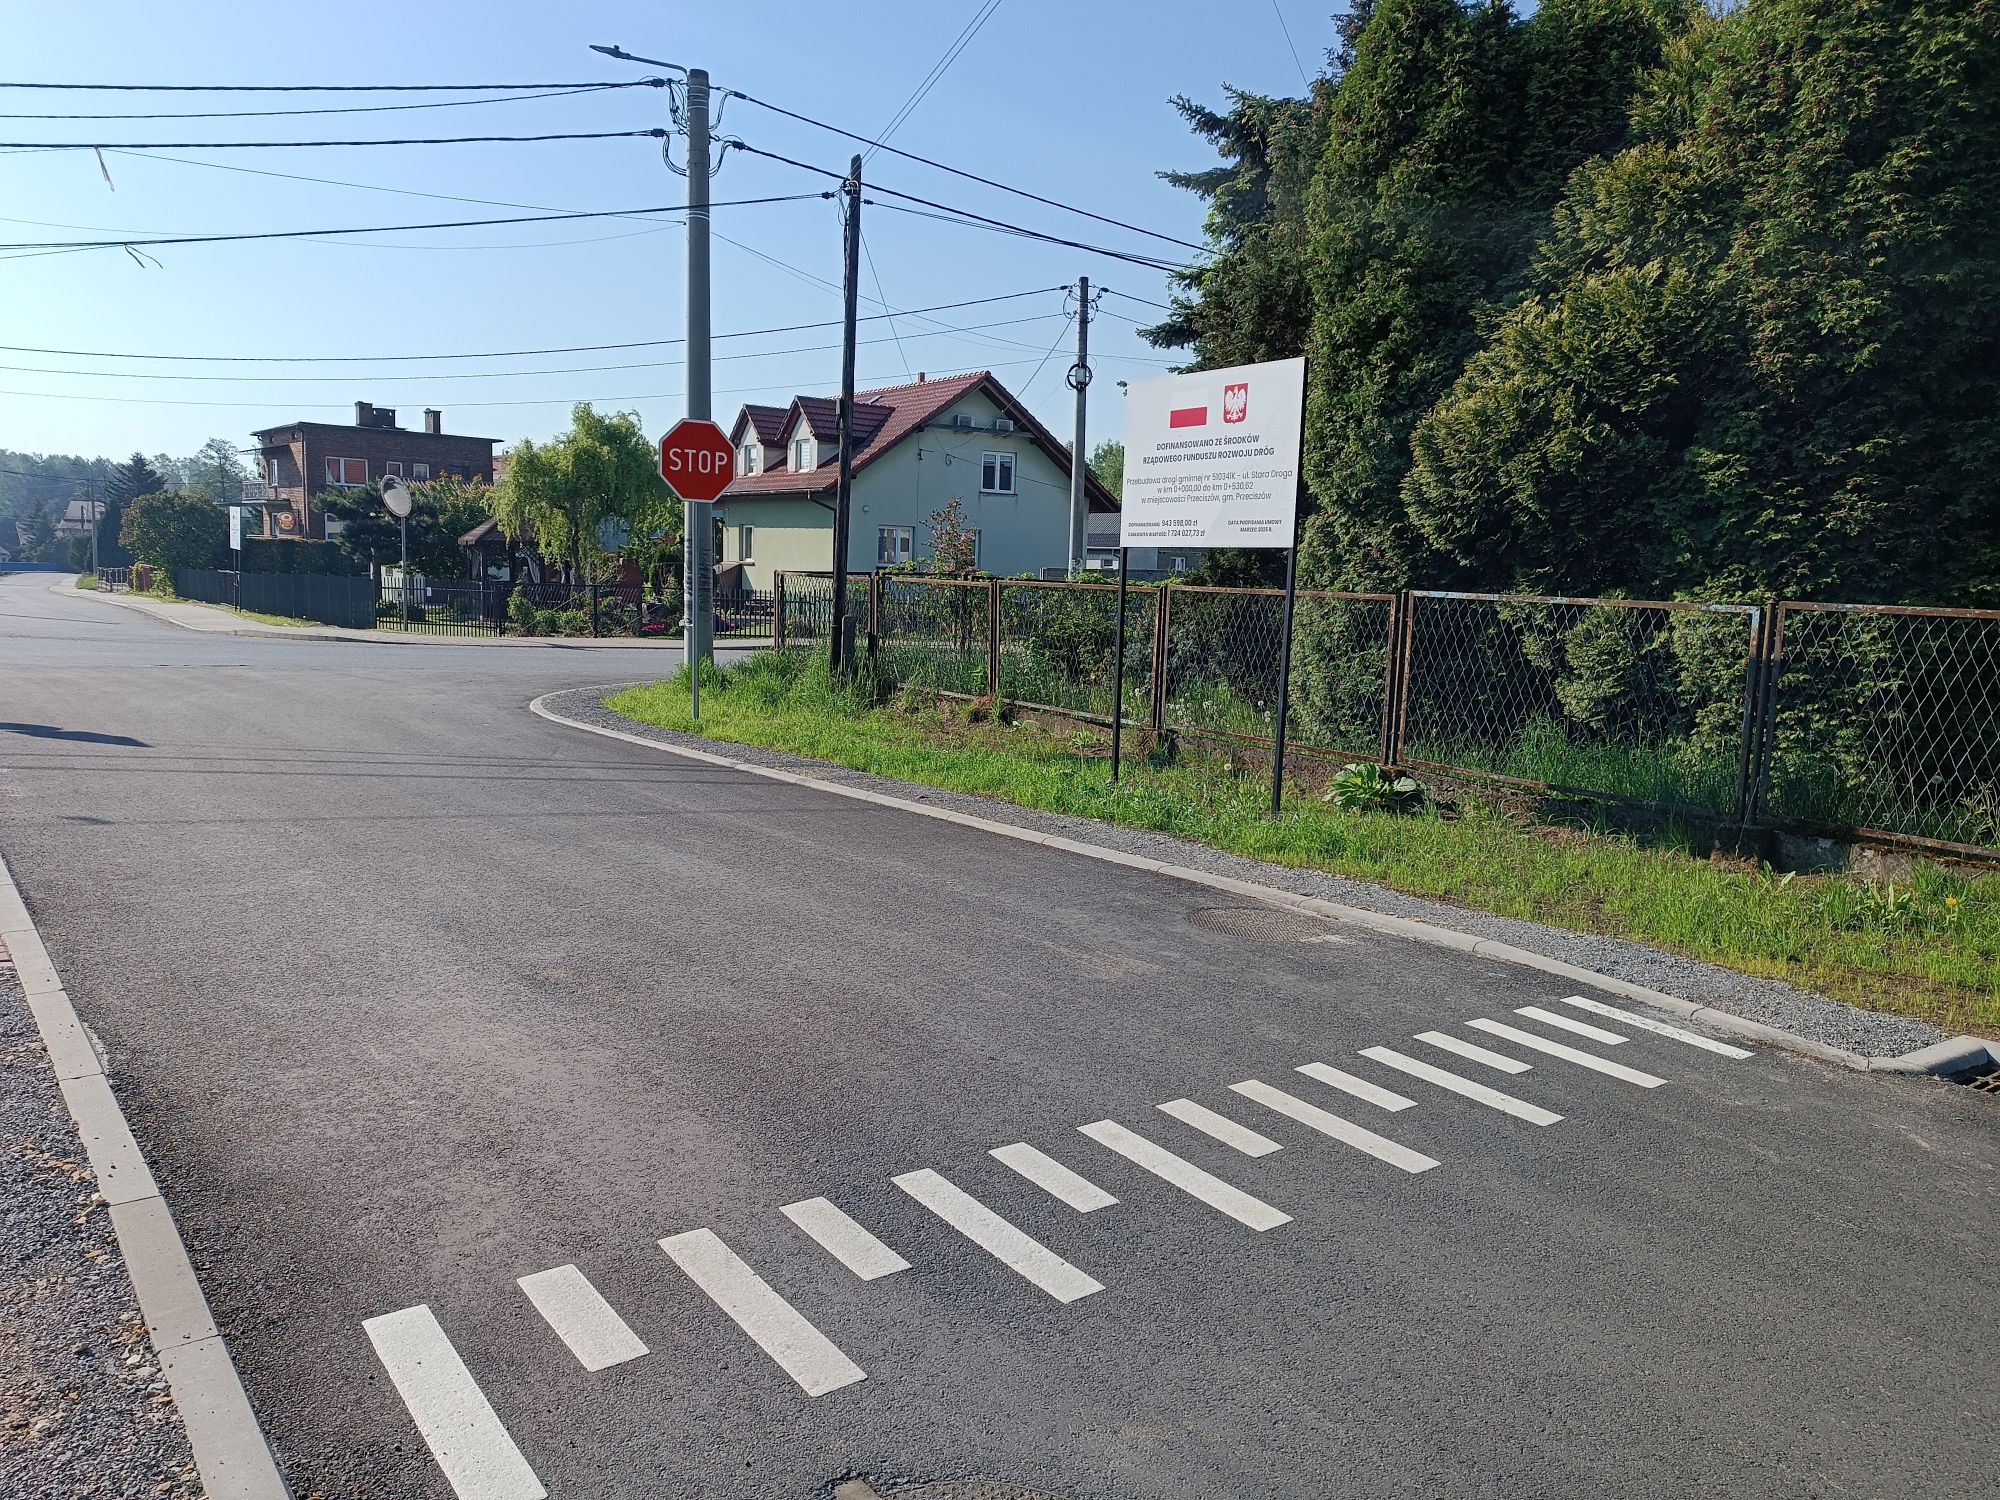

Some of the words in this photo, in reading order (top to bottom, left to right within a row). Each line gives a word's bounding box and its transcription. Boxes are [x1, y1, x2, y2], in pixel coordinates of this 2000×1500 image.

[1156, 439, 1214, 451] DOFINANSOWANO
[1215, 437, 1223, 446] ZE
[1223, 433, 1260, 445] ŚRODKÓW
[669, 447, 728, 474] STOP
[1142, 454, 1182, 466] RZĄDOWEGO
[1183, 451, 1217, 462] FUNDUSZU
[1217, 449, 1253, 460] ROZWOJU
[1253, 445, 1275, 457] DRÓG
[1126, 477, 1161, 486] Przebudowa
[1161, 474, 1178, 485] drogi
[1178, 473, 1203, 484] gminnej
[1242, 471, 1250, 480] ul.
[1251, 470, 1270, 479] Stara
[1270, 469, 1293, 480] Droga
[1163, 485, 1173, 493] km
[1202, 483, 1211, 492] do
[1212, 483, 1222, 491] km
[1146, 494, 1186, 506] miejscowości
[1186, 492, 1221, 503] Przeciszów,
[1221, 494, 1235, 504] gm.
[1235, 491, 1272, 501] Przeciszów
[1161, 519, 1172, 527] 943
--------------------
> What to work on:
Please output every line of the listing as it stands, and omit its images.

> Result of this exercise:
Some of the words in this photo, in reading order (top to bottom, left to right within a row). Each line gives a word's bounding box and its transcription. Boxes are [x1, y1, x2, y2], in pixel coordinates of this 2000×1500 image.

[1156, 439, 1214, 451] DOFINANSOWANO
[1215, 437, 1223, 446] ZE
[1223, 433, 1260, 445] ŚRODKÓW
[669, 447, 728, 474] STOP
[1142, 454, 1182, 466] RZĄDOWEGO
[1183, 451, 1217, 462] FUNDUSZU
[1217, 449, 1253, 460] ROZWOJU
[1253, 445, 1275, 457] DRÓG
[1126, 477, 1161, 486] Przebudowa
[1161, 474, 1178, 485] drogi
[1178, 473, 1203, 484] gminnej
[1242, 471, 1250, 480] ul.
[1251, 470, 1270, 479] Stara
[1270, 469, 1293, 480] Droga
[1163, 485, 1173, 493] km
[1202, 483, 1211, 492] do
[1212, 483, 1222, 491] km
[1146, 494, 1186, 506] miejscowości
[1186, 492, 1221, 503] Przeciszów,
[1221, 494, 1235, 504] gm.
[1235, 491, 1272, 501] Przeciszów
[1161, 519, 1172, 527] 943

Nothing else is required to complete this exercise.